NASHVILLE (BP) — Most summers, Christian artists tour the country performing for packed audiences in churches, arenas and concert halls. This summer, restrictions brought about by the COVID-19 global pandemic make such crowds temporarily impossible.
So three Christian music stars have found another way to reach their audience. And it’s not a new technology platform. It’s an old one.
Michael W. Smith, Steven Curtis Chapman and Third Day’s Mac Powell will begin the Drive-In Theater Tour next month in Watertown, Tenn., just outside Nashville. They will move on to nine more cities from there.
With so many dates in the spring and summer canceled, Chapman said he was eager for any opportunity to play live music again.
“Everything just came to a screeching halt,” Chapman said of the effects of the COVID-19 shutdown. “That’s when this drive-in tour idea was presented to me.”

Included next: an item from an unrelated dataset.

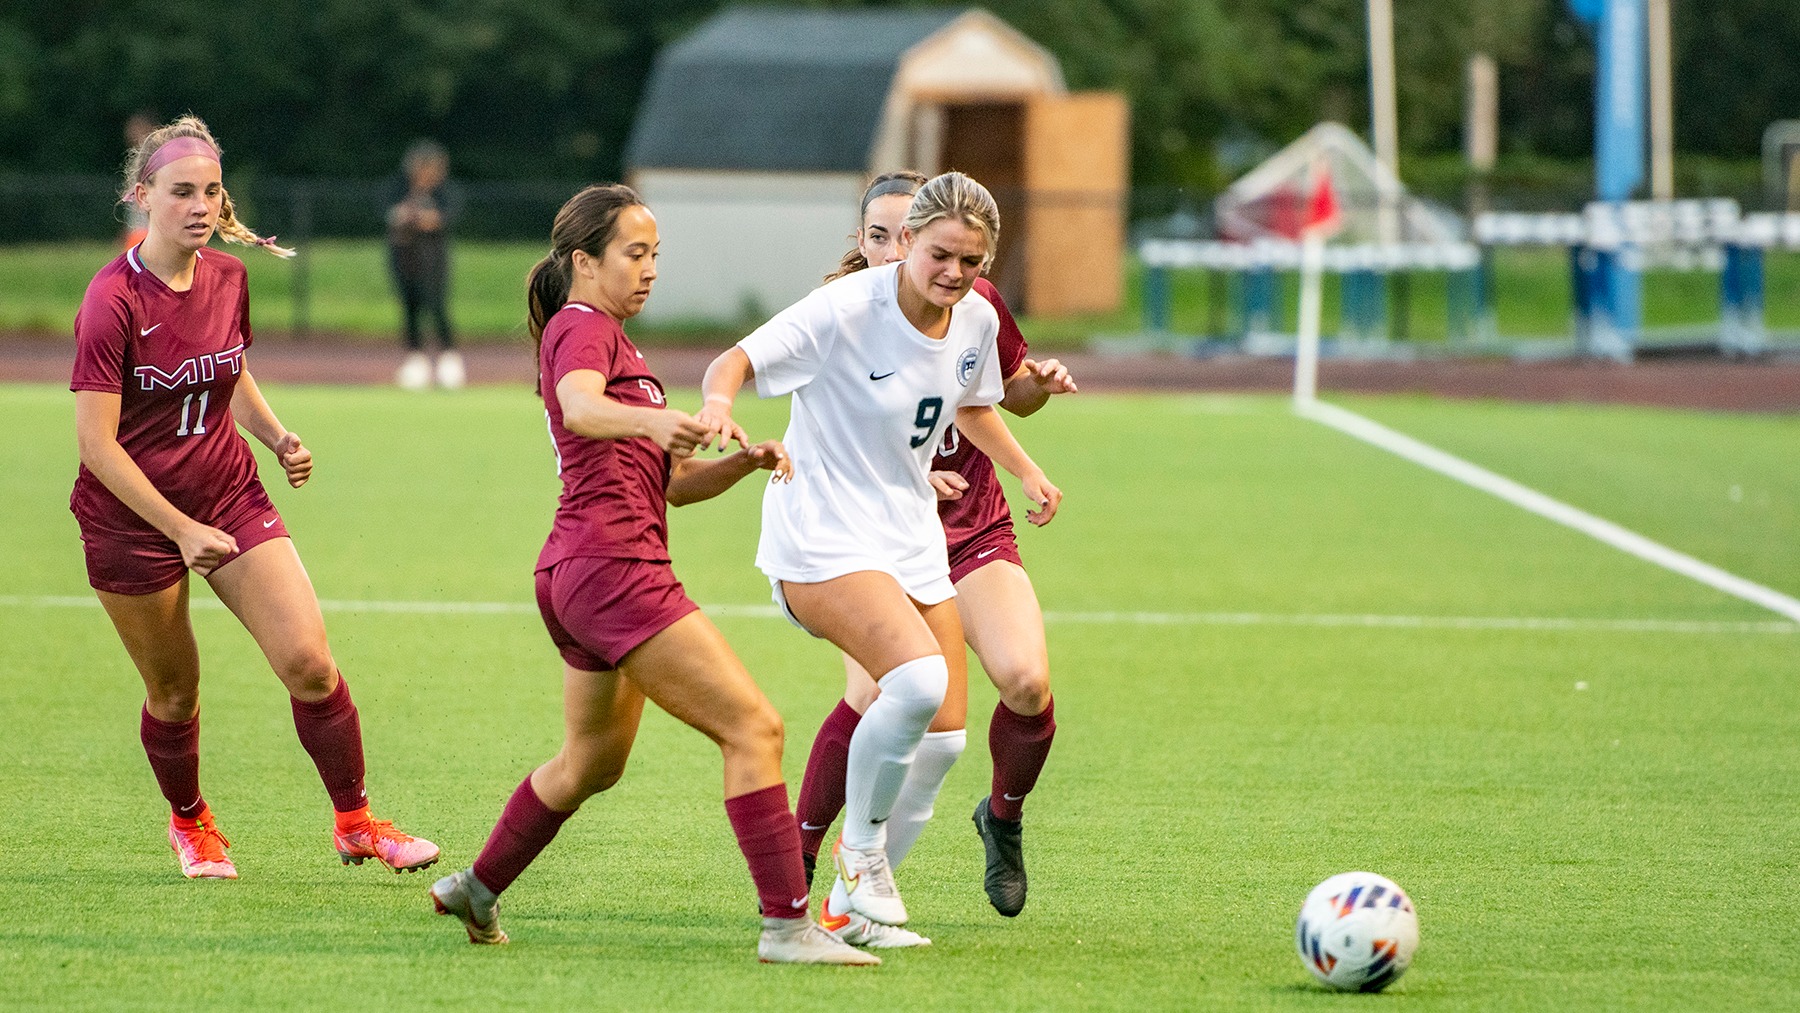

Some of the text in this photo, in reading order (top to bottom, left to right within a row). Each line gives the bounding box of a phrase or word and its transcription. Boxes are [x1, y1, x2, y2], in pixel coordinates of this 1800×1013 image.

[133, 343, 245, 391] MIT
[176, 390, 210, 437] 11
[909, 396, 944, 450] 9

Chapman has toured with both Powell and Smith at different times in the past and is looking forward to playing together with them — and to encouraging people through his own music again.
Seeing actual faces in an audience, rather than playing to a camera or posting about music on social media, is one of his most motivating factors for the tour, he said.
“Music is a conversation,” Chapman said. “We’ve been having the conversation, but its’ been one sided for a while. Something happens in a live concert situation that can only happen there, and that’s part of the beauty of it. We’re coming with a renewed appreciation for this gift of live music and the opportunity to do this.”
Awakening Events, the tour’s sponsor, saw 95 shows canceled from March to May, said Dan Fife, the company’s president and founder.
Searching for ways to get artists back on the road, Fife thought about a drive-in theater near his home in Arkansas that never closed down during the pandemic. The experience naturally allows for social distancing — cars parked several feet apart, families tailgating or sitting out in lawn chairs.
Fife compared the environment of the Drive-in Theater Tour to a festival, with concertgoers spread out on the lawn and the big movie screen behind the stage showing video of the live concert. The audio will reach the entire area rather than a typical drive-in movie where the audio streams to car radios.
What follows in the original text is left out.